◆ **Work task**
Output everything in the data exactly, leaving the pictures out.

◆ **Input material**

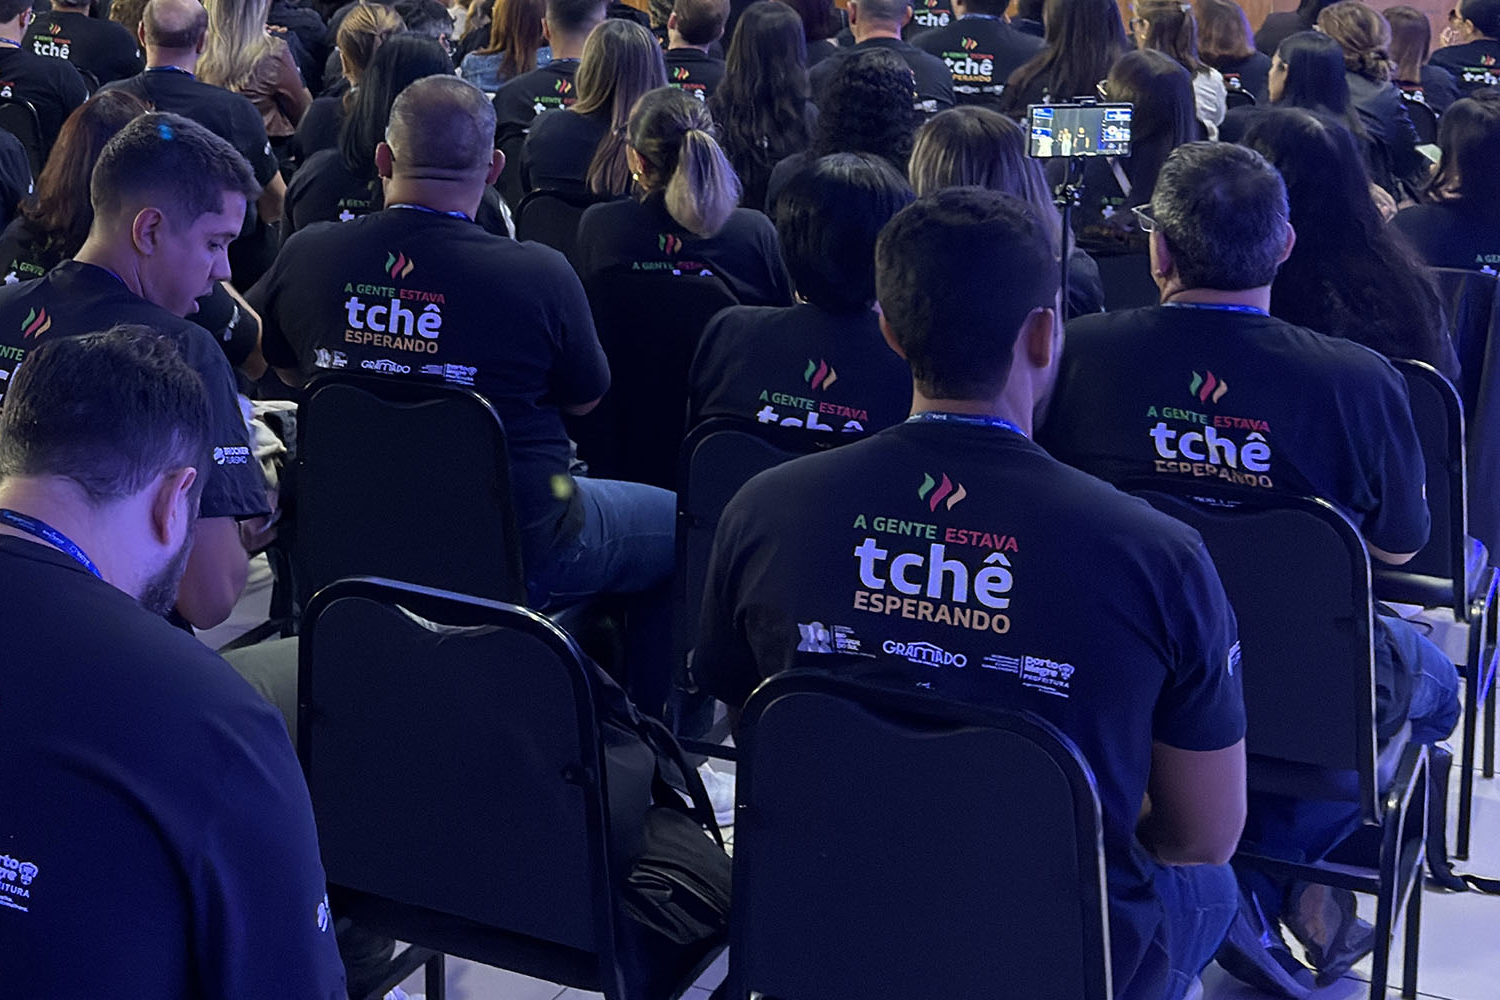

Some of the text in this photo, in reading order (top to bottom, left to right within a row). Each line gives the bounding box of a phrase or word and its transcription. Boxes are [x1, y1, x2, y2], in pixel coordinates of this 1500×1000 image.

[33, 40, 70, 60] tchê
[344, 282, 445, 304] A GENTE ESTAVA
[344, 296, 443, 339] tchê
[344, 329, 439, 354] ESPERANDO
[759, 389, 869, 422] A GENTE ESTAVA
[1146, 405, 1271, 433] A GENTE ESTAVA
[1149, 422, 1271, 472] tchê
[1154, 459, 1273, 488] ESPERANDO
[853, 513, 1019, 553] A GENTE ESTAVA
[854, 537, 1014, 609] tchê
[853, 590, 1011, 634] ESPERANDO
[882, 639, 968, 668] GRAMADO
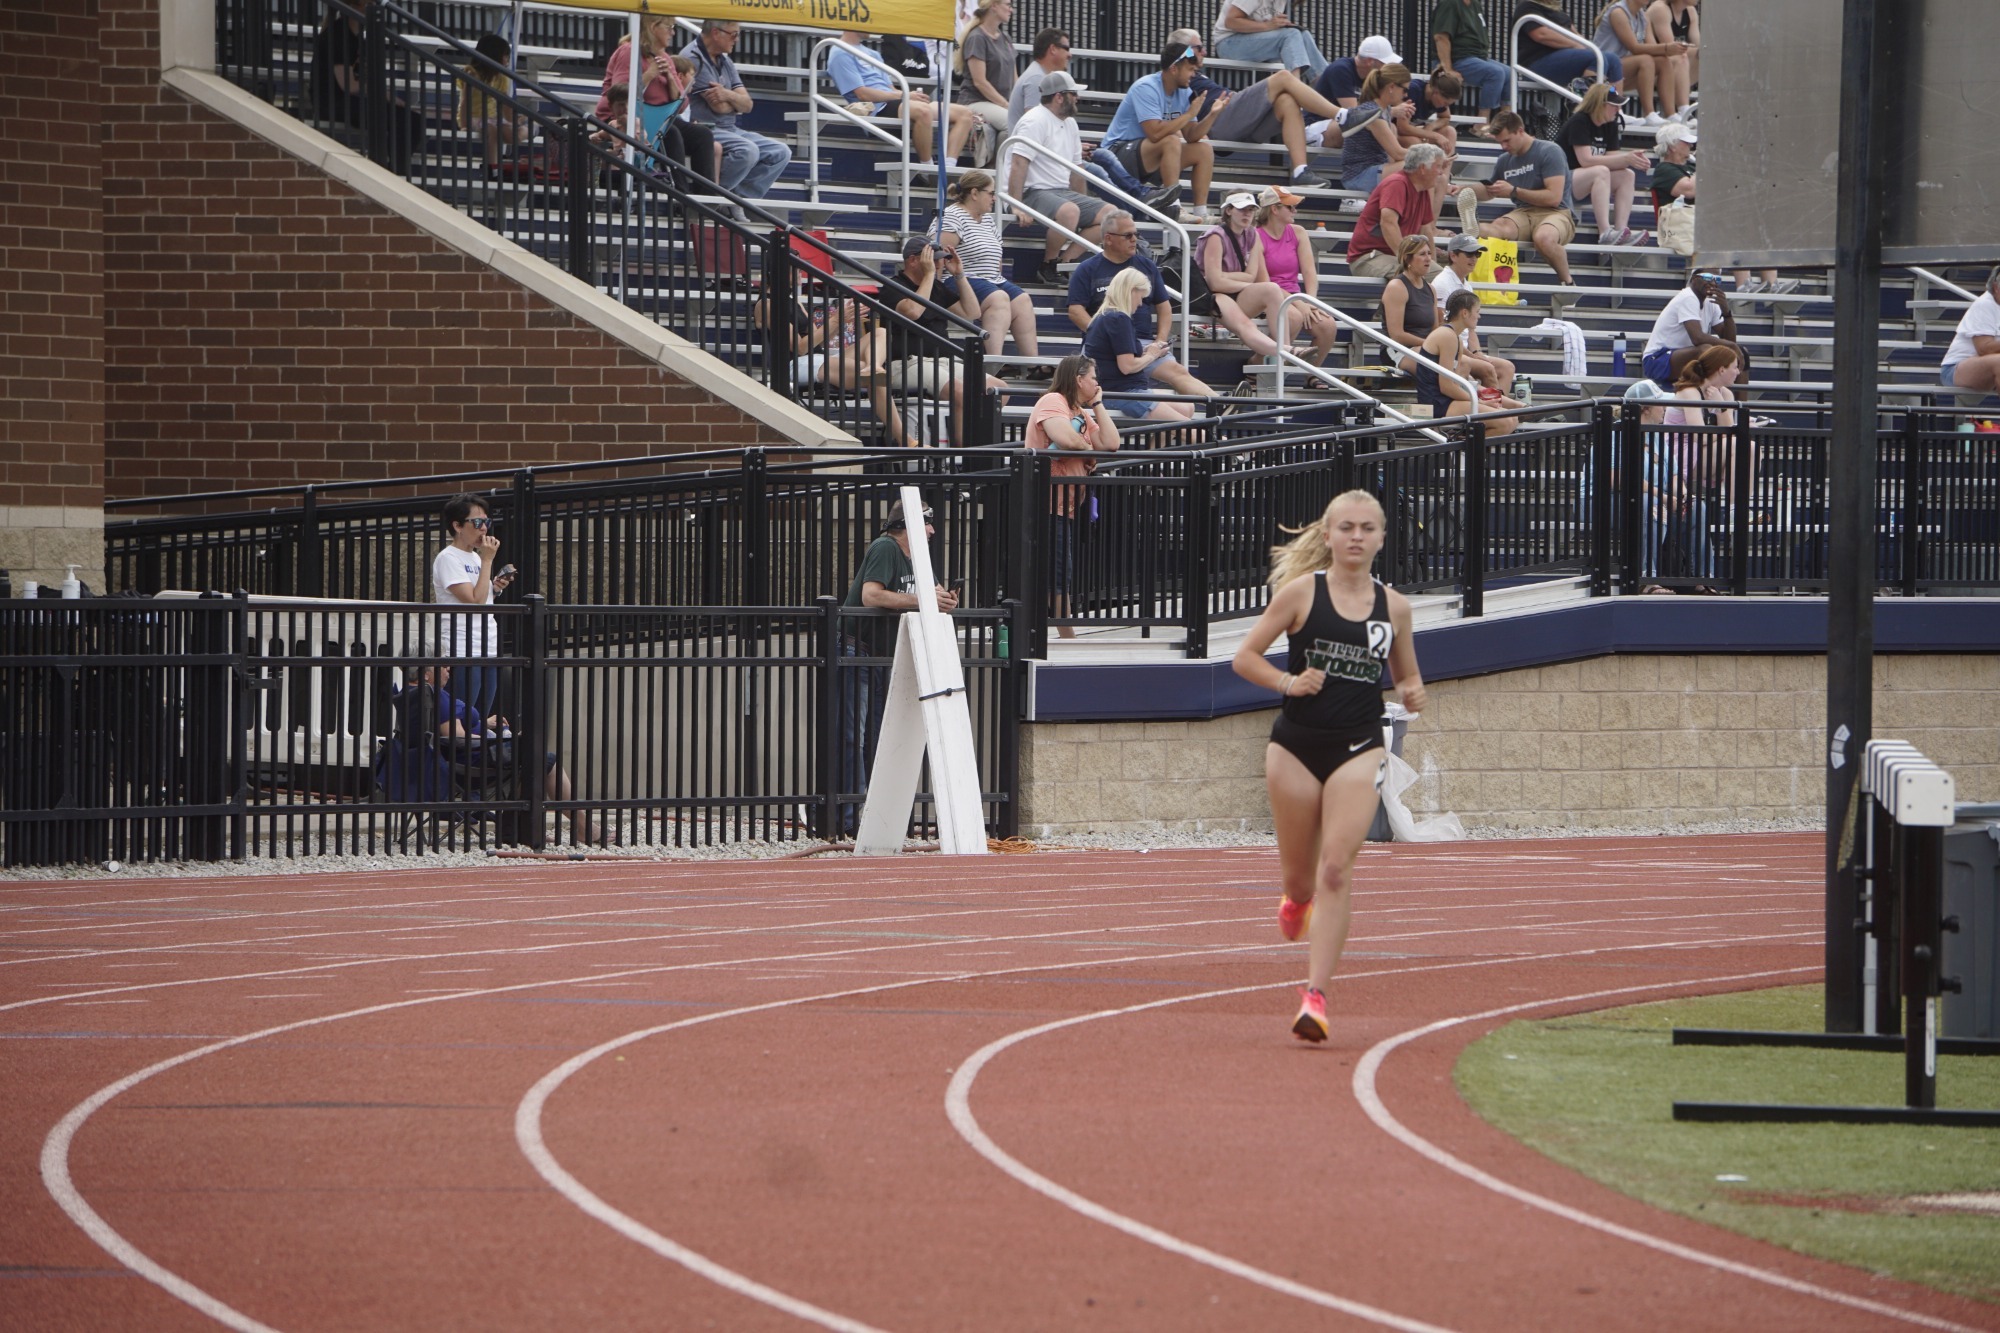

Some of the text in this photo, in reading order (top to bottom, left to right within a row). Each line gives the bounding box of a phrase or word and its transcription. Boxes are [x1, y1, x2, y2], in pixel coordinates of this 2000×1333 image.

◆ **Written solution**
Some of the text in this photo, in reading order (top to bottom, left to right within a row). Each line gives the bounding box of a phrase or word and its transcription. Boxes are [x1, y1, x2, y2], in pixel coordinates of this 1500×1000 image.

[33, 40, 70, 60] tchê
[344, 282, 445, 304] A GENTE ESTAVA
[344, 296, 443, 339] tchê
[344, 329, 439, 354] ESPERANDO
[759, 389, 869, 422] A GENTE ESTAVA
[1146, 405, 1271, 433] A GENTE ESTAVA
[1149, 422, 1271, 472] tchê
[1154, 459, 1273, 488] ESPERANDO
[853, 513, 1019, 553] A GENTE ESTAVA
[854, 537, 1014, 609] tchê
[853, 590, 1011, 634] ESPERANDO
[882, 639, 968, 668] GRAMADO

Some of the text in this photo, in reading order (top to bottom, left to right within a row). Each line gives the bounding box of a phrase or word and its transcription. Boxes are [x1, y1, x2, y2], in pixel coordinates of this 2000×1333 image.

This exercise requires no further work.